Since the introduction of the General Data Protection Regulation (GDPR) in 2018, people are becoming increasingly aware of the rights they have in respect to how organisations use and collect their data.
More and more we’re seeing individuals trying to hold organisations to ransom for data breaches, even where those data breaches are trivial. Believing these trivial data breaches to be major infractions, many people are initiating complaint procedures against the organisations in question.
A recent example
Here’s an example we came across recently. A developer was in discussion with a client about the potential purchase of a property. In the course of doing business, the developer contacted the potential purchaser’s mortgage broker. Upon hearing of the communication, the potential purchaser alleged that they had not given permission for the developer to have direct contact with the mortgage broker and that this was therefore a breach of how their data was handled.
Even though this was probably never a data breach and that the developer could liaise with the mortgage broker either out of “contractual necessity” or “legitimate interests”, the individual concerned told the developer that they faced a fine equating to 4% of global turnover and that they were going to report them to the ICO. However, if the developer built a new patio and did some landscaping works at the property they were looking to purchase, the matter would “go away”.
A new case law example
This developer, together with any organisation anxious about minor data breaches, will have been pleased to see the recent verdict in the case of Rolfe & others v Veale Wasbrough Vizards. Veale Wasbrough Vizards (a law firm) had been instructed on behalf of a private school to recover unpaid fees from Mr and Mrs Rolfe. The law firm concerned sent their initial letter demanding payment and a statement of Mr and Mrs Rolfe’s account to Mrs Rolfe’s email address. However, they missed out her middle initial from the e-mail, sending it instead to another person who shared an almost identical address to that of Mrs Rolfe’s.

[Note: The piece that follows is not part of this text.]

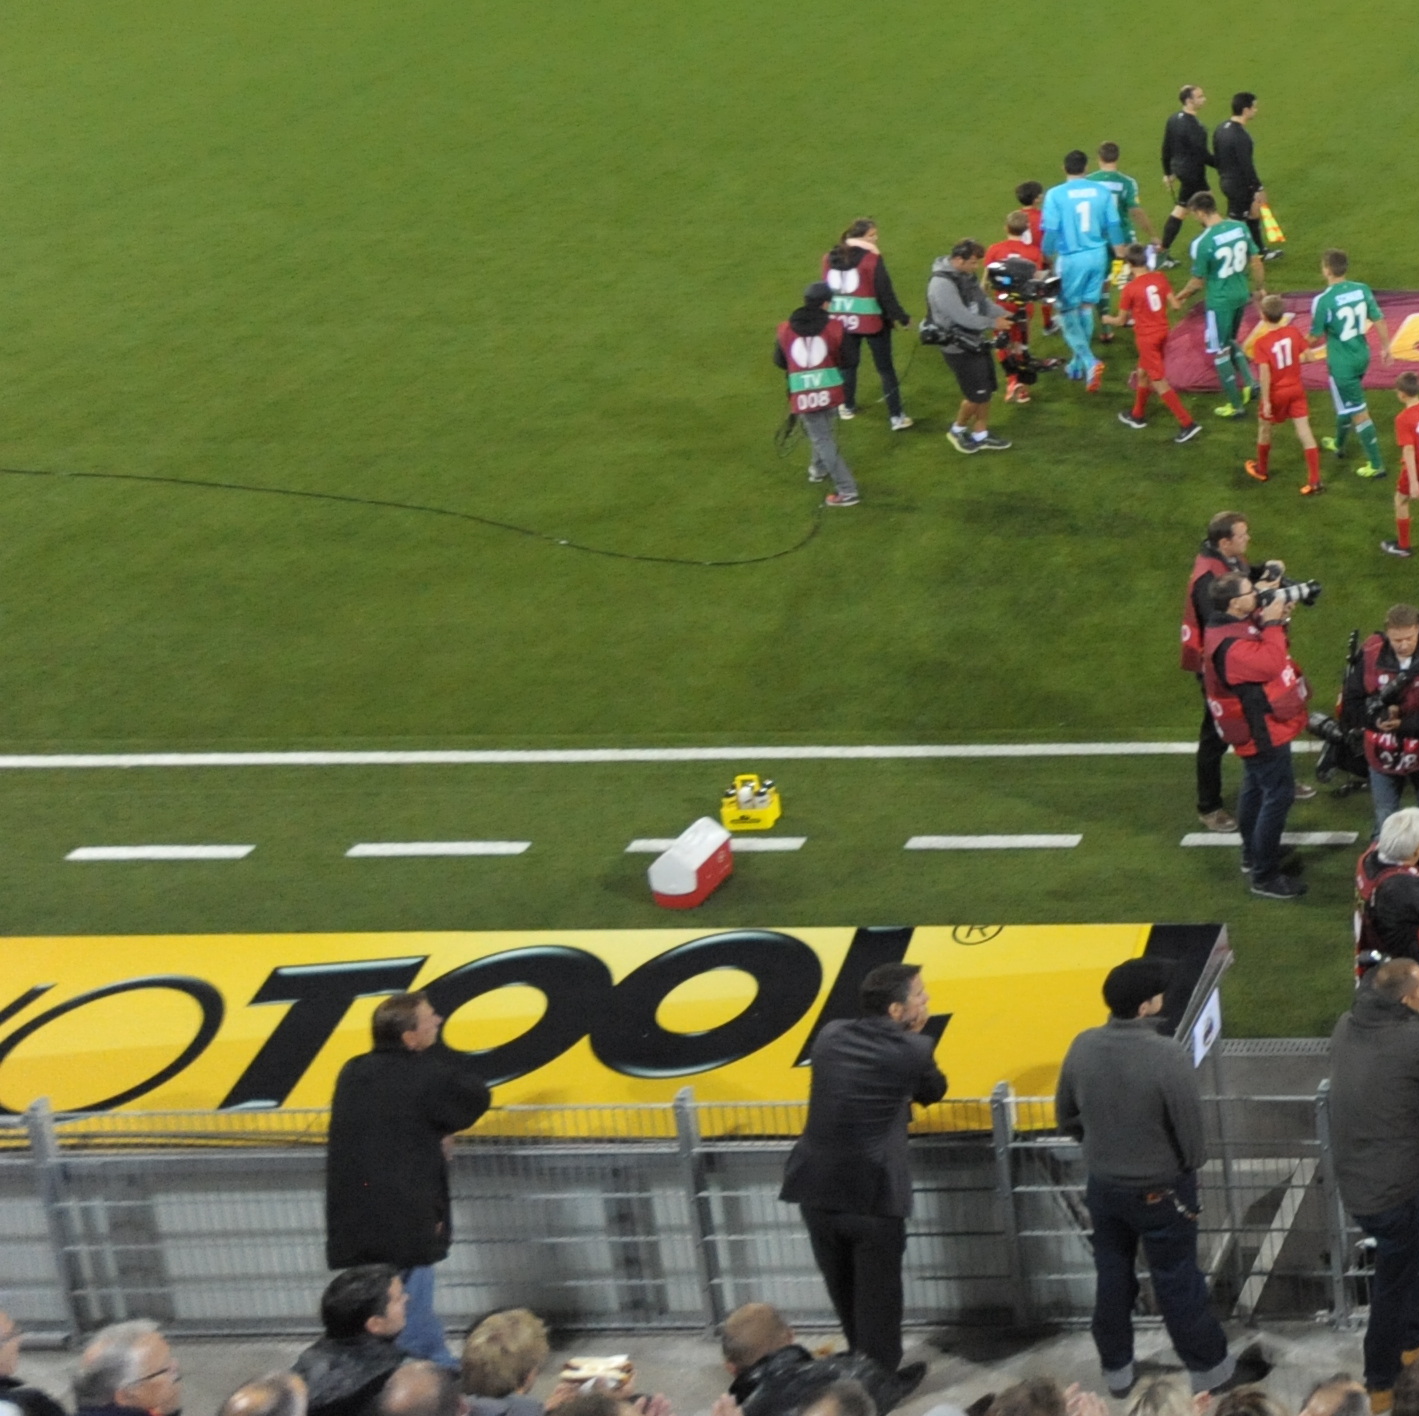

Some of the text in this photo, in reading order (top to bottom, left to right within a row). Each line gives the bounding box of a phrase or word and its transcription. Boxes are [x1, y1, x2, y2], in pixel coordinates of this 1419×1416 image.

The recipient of the e-mail contacted the law firm to say they had received this in error. When asked to delete it, she confirmed she had done so. The Rolfe family brought a claim against the law firm concerned, claiming damages for misuse of confidential information, breach of confidence, and negligence under section 82 of the GDPR and section 169 of the Data Protection Act 2018. The claim stated how Mr and Mrs Rolfe had “lost sleep worrying about the possible consequences of the data breach” and how it had made them feel ill.
The courts speak on the matter
Delivering his judgement, Master McCloud commented, “We have here a case of minimally significant information, nothing especially personal such as bank details or medical matters, a very rapid set of steps to ask the incorrect recipient to delete it (which she confirmed) and no evidence of further transmission or any consequent misuse (and it would be hard to imagine what significant misuse could result, given the minimally private nature of the data).
“We have a plainly exaggerated claim for time spent by the claimants dealing with the case and a frankly inherently implausible suggestion that the minimal breach caused significant distress and worry or even made them ‘feel ill’.
“In my judgment, no person of ordinary fortitude would reasonably suffer the distress claimed to arise in these circumstances in the 21st century, in a case where a single breach was quickly remedied.
“There is no credible case that distress or damage over a de minimis threshold will be proved. In the modern world, it is not appropriate for a party to claim, (especially in the High Court) for breaches of this sort which are, frankly, trivial.”
Not only did the Rolfe family find themselves on the wrong end of the Court’s judgement, but the Court also went one stage further by awarding costs on an indemnity basis against the Rolfe Family with the Court ordering them to pay £11,000 as an interim payment.
Our take
Christian Mancier, a partner in the Corporate/Commercial team at Gorvins commented, “The judgement in Rolfe & others v Veale Wasbrough Vizards is one of the few GDPR/Data protection cases to reach a higher court. The verdict handed down by Master McCloud is a common-sense verdict that will be welcomed by organisations up and down the country. Organisations that have taken appropriate steps to contain trivial data breaches will now be reassured that these minor breaches will result in adverse legal outcomes for their business”.